Helen and Jack came over to introduce themselves to Christo. They introduced themselves as students of Blake's. Christo spoke shyly to Helen and just stared at Jack. The man was huge and looked more like an American wrestler than an American student.
"You have somewhere to stay?" asked Christo.
"We have arranged to stay in a shack on the property of one of the townsfolk," said Helen. "Although, the lady we made the arrangements with, doesn't seem to be here."
"Mister Blake, Mister Blake," came the cry from the crowd of children.
A stout woman came pushing through the children, laughing as they protested.
"Please, little ones. Let me speak to our guests," said the woman.
"Mrs Pillay," said Christo, moving the children aside to let the woman through.
Although Christo had little to do with the adults of the township he had a lot of time for Anusha Pillay. She organised activities for the children and worked tirelessly to try and steer the people away from a life of crime. She read a lot and her English was excellent, so it came as no surprise to him that this was the woman that Blake had spoken to.
"Forgive me, Mister Botha but I have arranged accommodation for our guests. I need to take them there," she said.
"They are all yours, Anusha," said Christo. "Children. Come. Bring the boxes inside with you. Let us see what our friends here have brought us."
Christo picked up the box in front of him and the children picked up the other boxes.

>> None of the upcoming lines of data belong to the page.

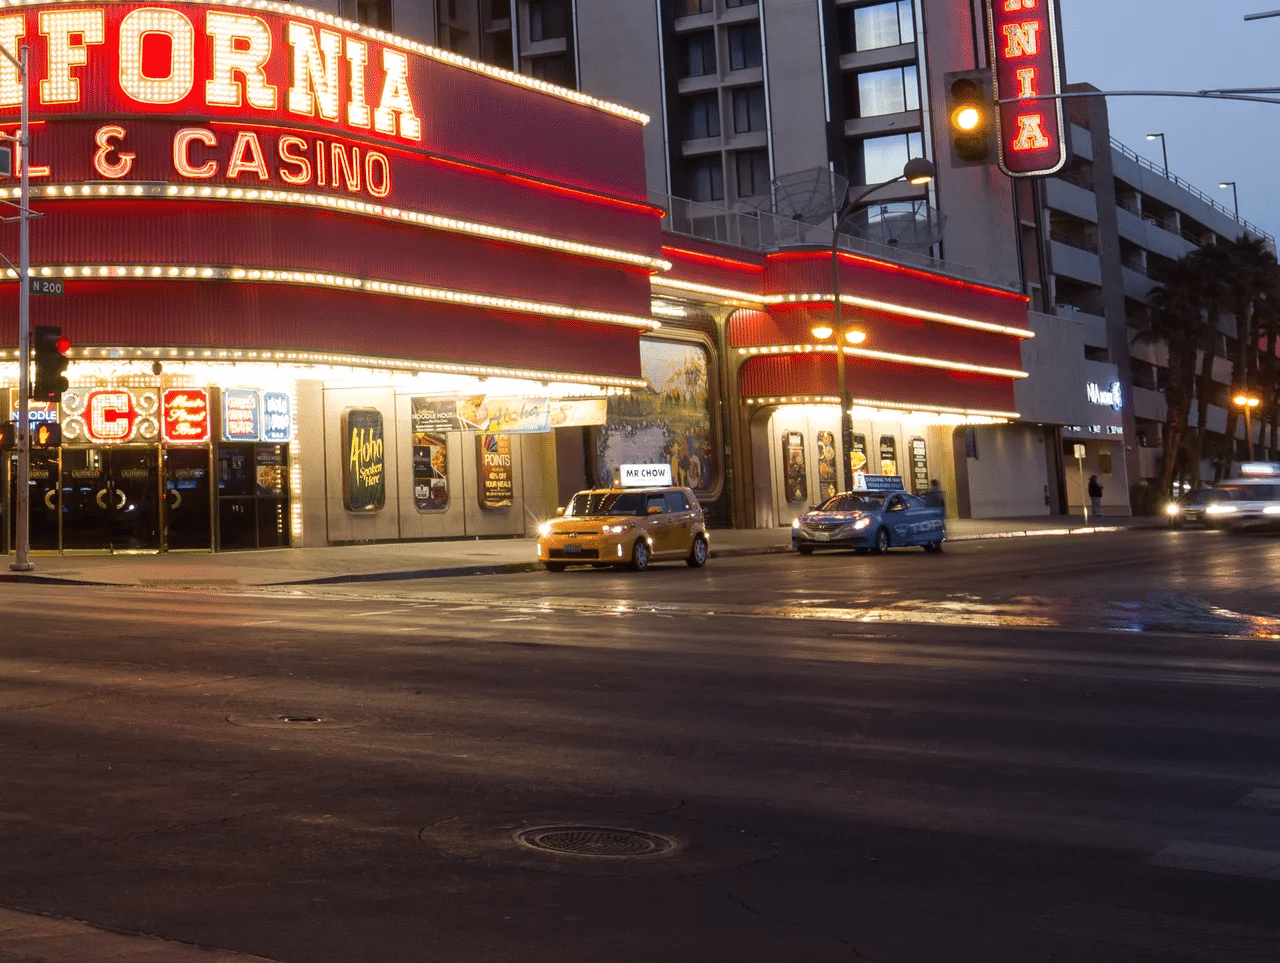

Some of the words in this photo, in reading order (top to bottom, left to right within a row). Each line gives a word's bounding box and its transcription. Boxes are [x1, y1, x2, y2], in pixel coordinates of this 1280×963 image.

[94, 125, 136, 179] &
[172, 127, 393, 198] CASINO
[33, 280, 40, 291] N
[42, 281, 62, 294] 200
[12, 411, 57, 420] NODLE
[91, 393, 129, 438] C
[484, 454, 511, 466] POINTS
[626, 469, 639, 478] MR
[641, 469, 666, 478] CHOW

Most of them carried a box between them but some of the boys attempted to pick up a box by themselves with varying degrees of success.
Anusha was laughing at the boys dropping the boxes and fighting off the attempts of other boys to help them with their box.

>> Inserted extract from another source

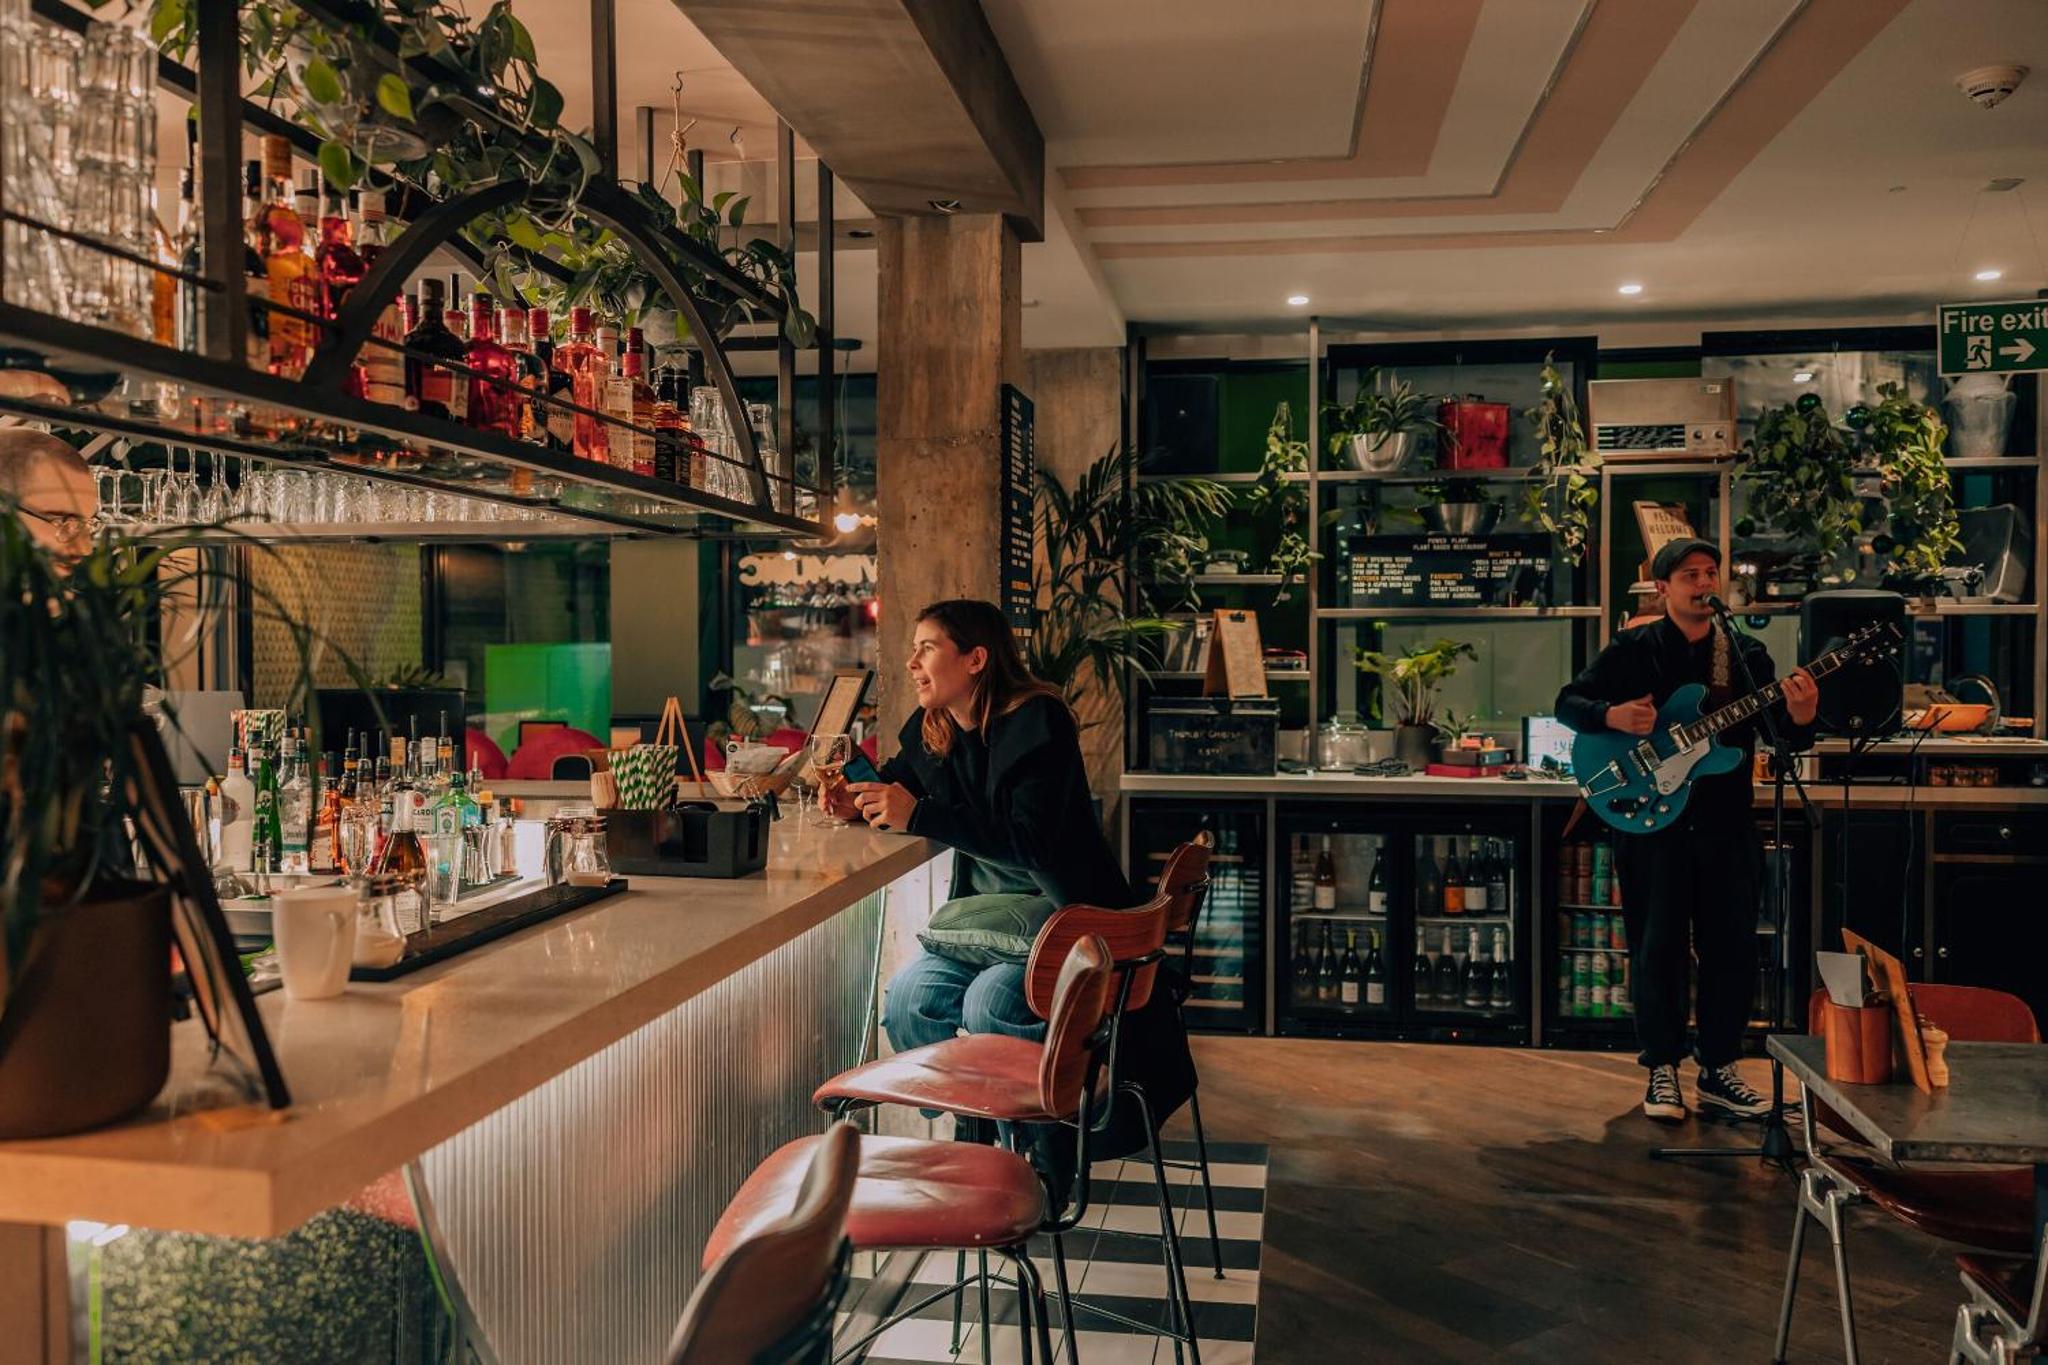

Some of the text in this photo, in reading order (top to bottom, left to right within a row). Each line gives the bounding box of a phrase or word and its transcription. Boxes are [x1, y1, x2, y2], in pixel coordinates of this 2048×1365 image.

[1943, 306, 2048, 334] Fire exit
[1412, 543, 1431, 551] PLANT

"They want to be men already," she said. "They do not want to be seen as weak. Even if takes them all day to move one box."
Christo returned to thank Blake for the books once all the boxes and children were inside the school.
Blake smiled and looked at Anusha as Christo walked away.
"He is quite an example for the children," said Blake.
"In teaching and respect, yes," said Anusha. "He is a good man but he is very shy. We know nothing about him and he never tries to tell us anything. He talks only to the children."
"Is he married?" asked Helen.
Anusha laughed and rested a hand on Helen's shoulder.
"Is he married. No. Many women have tried to seduce Christo but he runs away. He has been here ten years and he has never been with a woman. No. He does not like men that way either," said Anusha.
"Perhaps he is like my friend, here," said Blake, pointing at Victor.
"Ha, ha, ha," said Victor.
"Do you not like romance either?" Anusha asked Victor.
"Actually, I do. My friend here thinks he is funny," said Victor.
Anusha laughed.
"He is funny and very handsome too," said Anusha.
Blake smiled.
"They say that you do not have any crime here. Is that true?" asked Blake.
"It is true. We do not have crime. Not here, only outside," said Anusha. "It is more than anyone dare do to commit a crime here."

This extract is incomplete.